久美子を乗せた電車はビルの谷間を走っていた。駅と駅の感覚が狭いので次の駅まではすぐに着いた。乗客が乗り降りするとすぐに電車は走り出す。日が暮れるとドアのガラスに久美子の顔が映し出されていた。久美子は自分の顔の向こうに見える景色を見ていた。
「遅くなってしまってすみません。」
俊之は笑顔で言った。静かな落着いた雰囲気のショットバーである。春香が先に来ていてグラスを傾けていた。
「私も来てからそんなに時間は経っていないから気にしないでね。」
春香は言った。
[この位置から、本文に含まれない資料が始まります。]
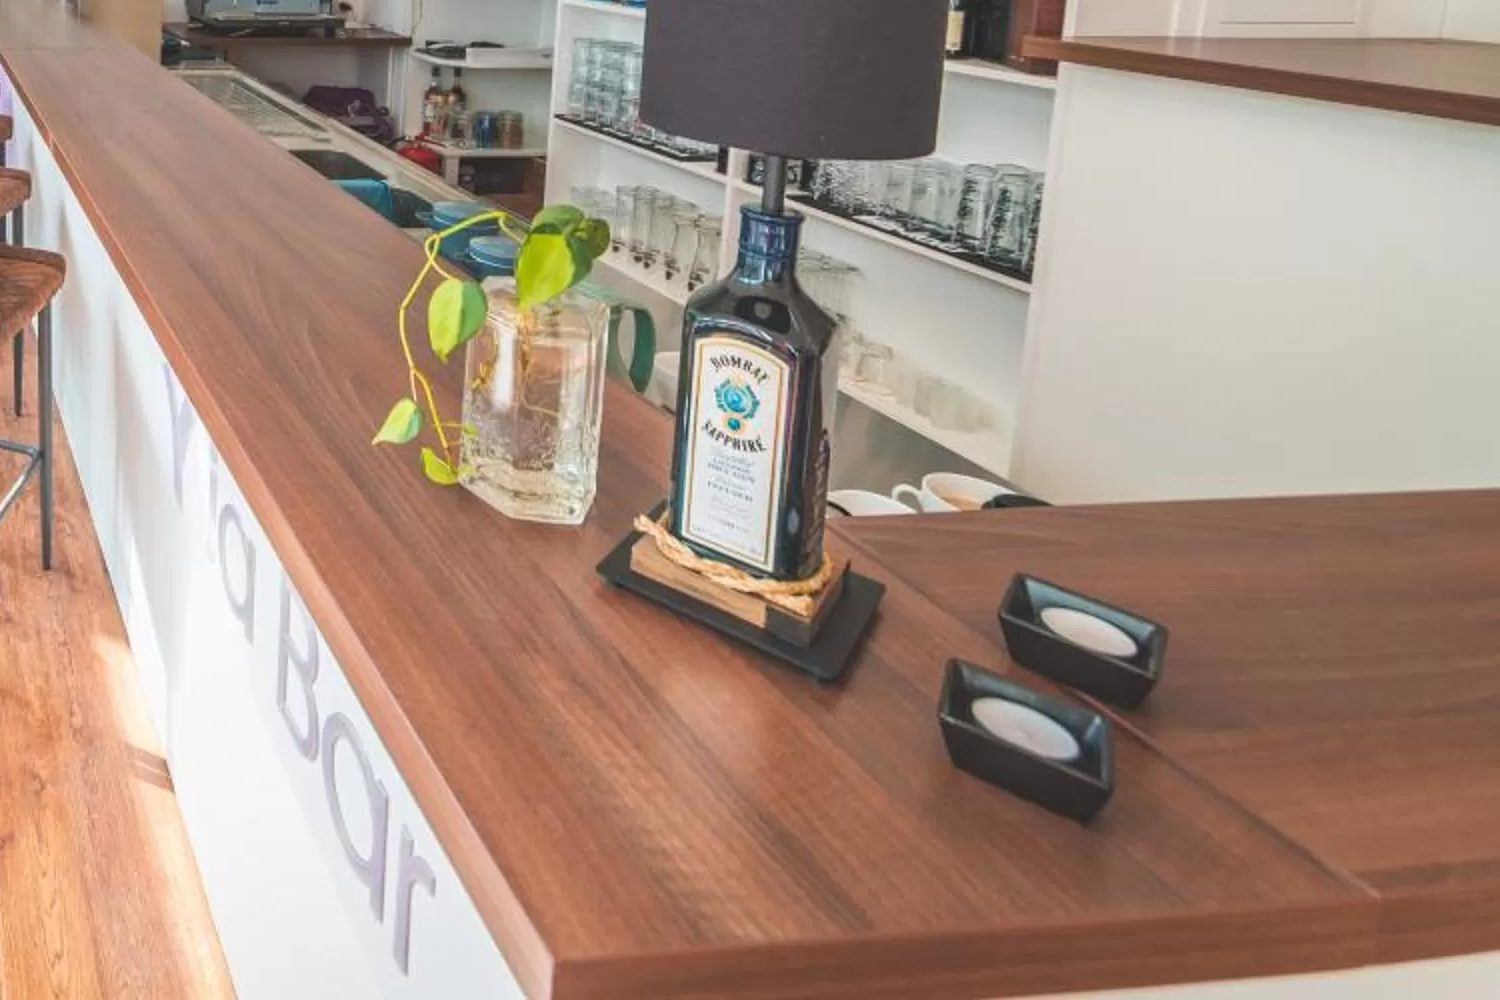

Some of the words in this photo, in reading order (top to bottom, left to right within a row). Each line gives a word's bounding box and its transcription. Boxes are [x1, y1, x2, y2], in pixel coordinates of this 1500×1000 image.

[710, 356, 768, 383] BOMBAY
[702, 420, 767, 452] SAPPHIRE
[277, 568, 436, 976] Bar
俊之は春香の前に座って春香を見た。春香も俊之を見ていた。
「ゆっくり会えるのは3年ぶりだね。」
俊之は言った。
「3年の時間は長かったわね。」
春香は言った。
「先日は驚きましたよ。」
俊之は言った。
「高村さんには本当に申し訳なくてせめてもの罪滅ぼしと思って父に頼んだのよ。」
春香が言うと
「麗子さんの件は春香さんのせいじゃないよ。」
俊之が諭すように言った。
改札口を出た久美子は自宅の方向へ歩こうと赤信号を待っていた。少しの時間が過ぎて信号が青に変わると久美子は歩き出した。久美子が歩いていると黒い自動車が車道を走って来て久美子を追い越してから止まった。自動車のドアが開いて矢島が顔を出して
「こんばんは!」
と言った。久美子は驚いて
「矢島さん!」
と言った。
「先日はすっかりご心配とご迷惑をかけたね。」
矢島が大きめの声で言った。
「気にしないでください。」
久美子は言った。江紫組の件では翔太や関口が慌てていて久美子には状況が解らないうちに事が終わっていたのである。
「あの時はすっかりお世話になってしまったね。」
矢島が慣れない言葉を使ってぎこちなく言うと
「私は何もしていないからかえってお互い様と言う事にしてください。」
久美子は言った。矢島は少し強面な部分があるが気さくな性格であった。
「時間あれば食事でもどうですか?」
矢島が言うと久美子は矢島の目を見た。
「矢島さんは俊さんのお友達でしたね。」
久美子が言うと
「あの時にはすっかりお世話になったので高村の話でもしたいね。」
矢島は言った。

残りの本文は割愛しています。